Finally I have found someplace to talk of my 1975 Traynor monobloc. It is the original, not the Monoblock 2. I love this thing. I just started again after 21 years, and would not trade this for anything. Awesome to hear of others who appreciate this piece of art.


----------



## GuitarsCanada (Dec 30, 2005)

Are you the original owner of that one, or did you find it just recently?


----------



## PaulS (Feb 27, 2006)

Buddy of mine use to play through a MonoB back in the early 70's when they first came out. Cabinet was as big as a fridge, reverse mounted 18 and two 8"s out front. That sucker was loud..... awesome sound as I remember just to dam big.....


----------



## salmonilla (Jan 6, 2007)

*To administrator*

I bought this in early eighties. Can't remember exactly what year, as those day's 
were a bit cloudy. It sat for about 21 years along with my ampeg v6b 2x15 bottom that looks like shit, but will tilt every picture in your house. Last year I 
picked up a 210 ampeg classic series cab for some high's. I am using a spector legend custom bass (active) and a Boss ME50B pedal. After being out of the loop for so long, I find it overwelming with the variety of new gear. Being older and wiser, I know one thing I will keep this head until the day I die!. Not much info on these things. Glad there are some left around.


----------



## Baconator (Feb 25, 2006)

I wouldn't say it's a legend or a POS - somewhere in between. You can usually pick them up for $3-400 at most. They're not THAT loud as some people seem to be suggesting, but with two efficient 15" cabs it'll fill up a small club nicely. IIRC they put out somewhere around 200watts at 4ohms (correct me if I'm wrong) which isn't exactly the rig of doom. Definitely a step up from a BassMaster for bass, but I've played similar vintage Peavey bass rigs that I liked just as much if that gives you a clue about sound quality :tongue: .


----------



## peter benn (Mar 29, 2007)

I'm sorta with Cbluez here, but not completely.... The solid-state Monoblocs that are more valuable are the ones with pots (first series), rather than the graphic eq's.

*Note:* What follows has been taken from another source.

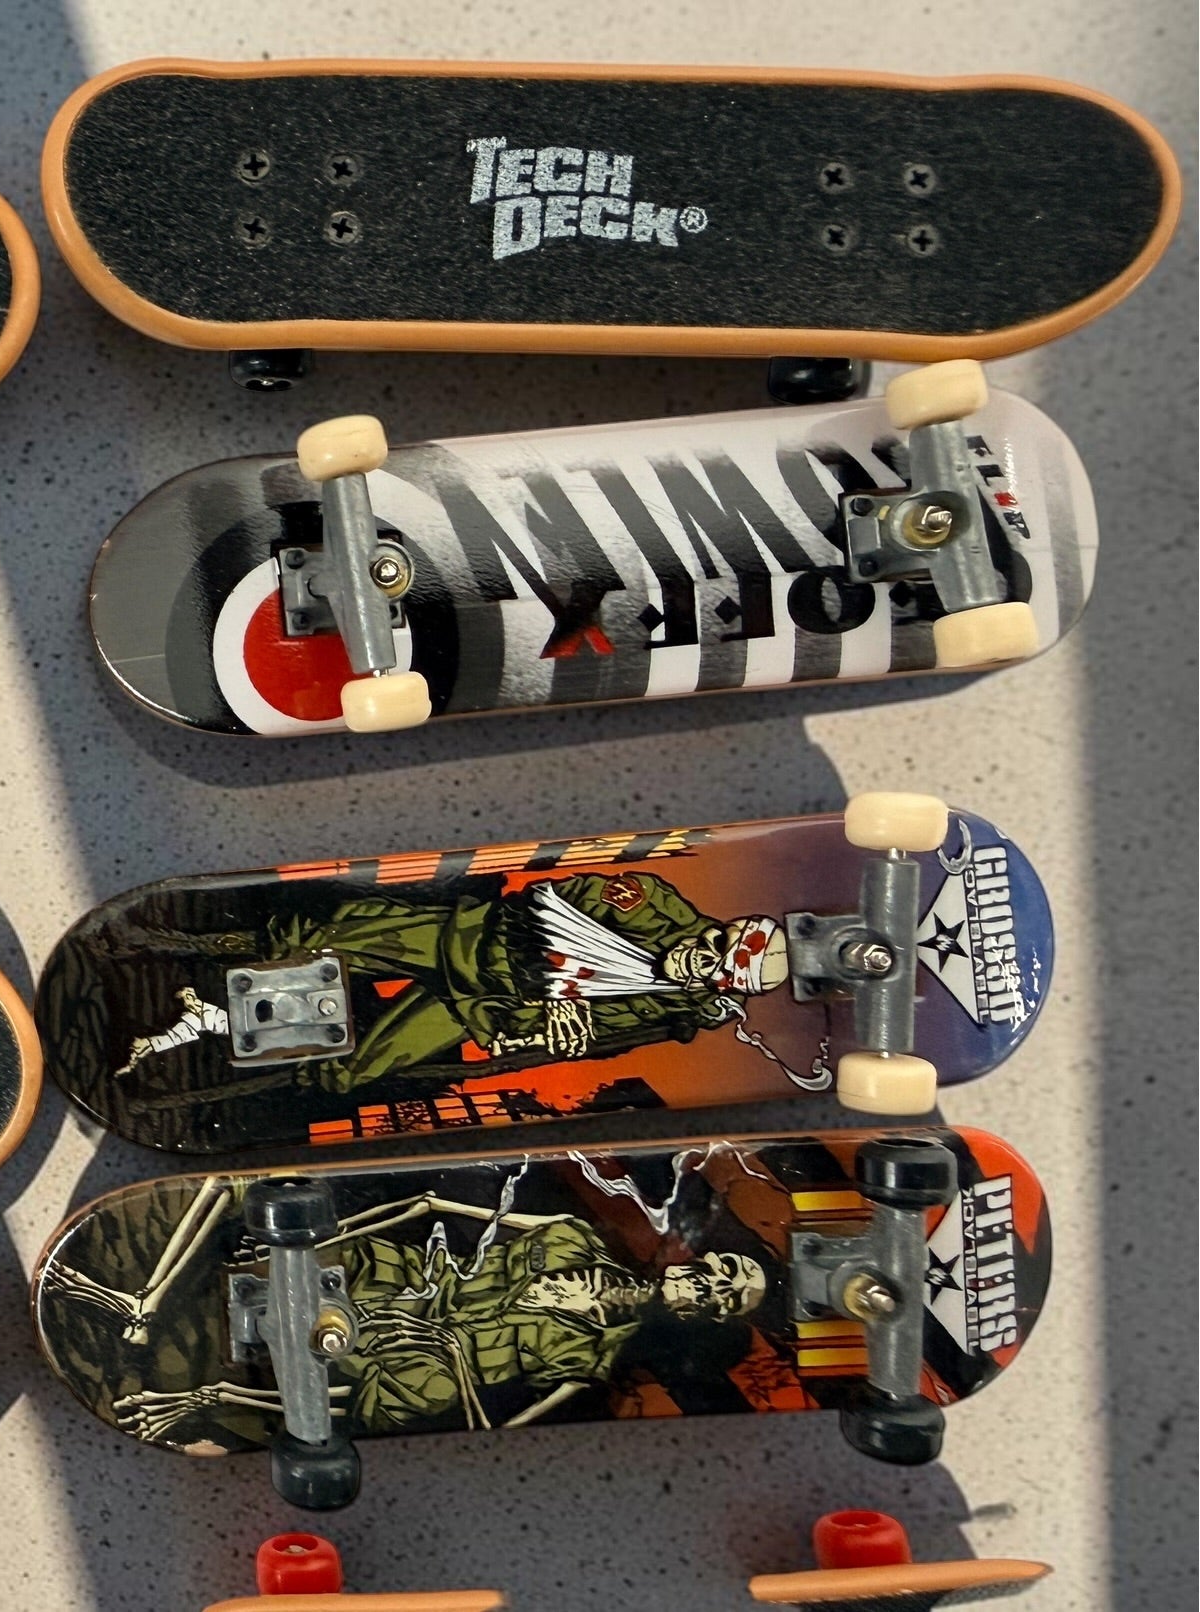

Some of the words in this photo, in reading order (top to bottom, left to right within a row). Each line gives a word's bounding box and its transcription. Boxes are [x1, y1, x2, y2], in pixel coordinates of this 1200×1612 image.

The advantage of the Monobloc is that it is powerful and cheap, and barring transistor breakdown, will always work.

The trouble is that your band will sound like an early 80's punk band. It is not a sophisticated bass sound, and you can't do that much with it.

Tube Traynors like Lester was describing are sort of patterned after Fender Bassmans, I believe. Four inputs on these are a giveaway.


----------



## Wild Bill (May 3, 2006)

*"Ah, nostalgia isn't what it used to be!"*



Baconator said:


> They're not THAT loud as some people seem to be suggesting, but with two efficient 15" cabs it'll fill up a small club nicely. IIRC they put out somewhere around 200watts at 4ohms (correct me if I'm wrong) which isn't exactly the rig of doom. :tongue: .


I respectfully disagree, Mr. Baconator. Mind you, I admit I'm nitpicking with your quote.

I was there when the Monobloc first came out and with two efficient 15" cabs our bass player could BLOW THE WALLS out of a small club!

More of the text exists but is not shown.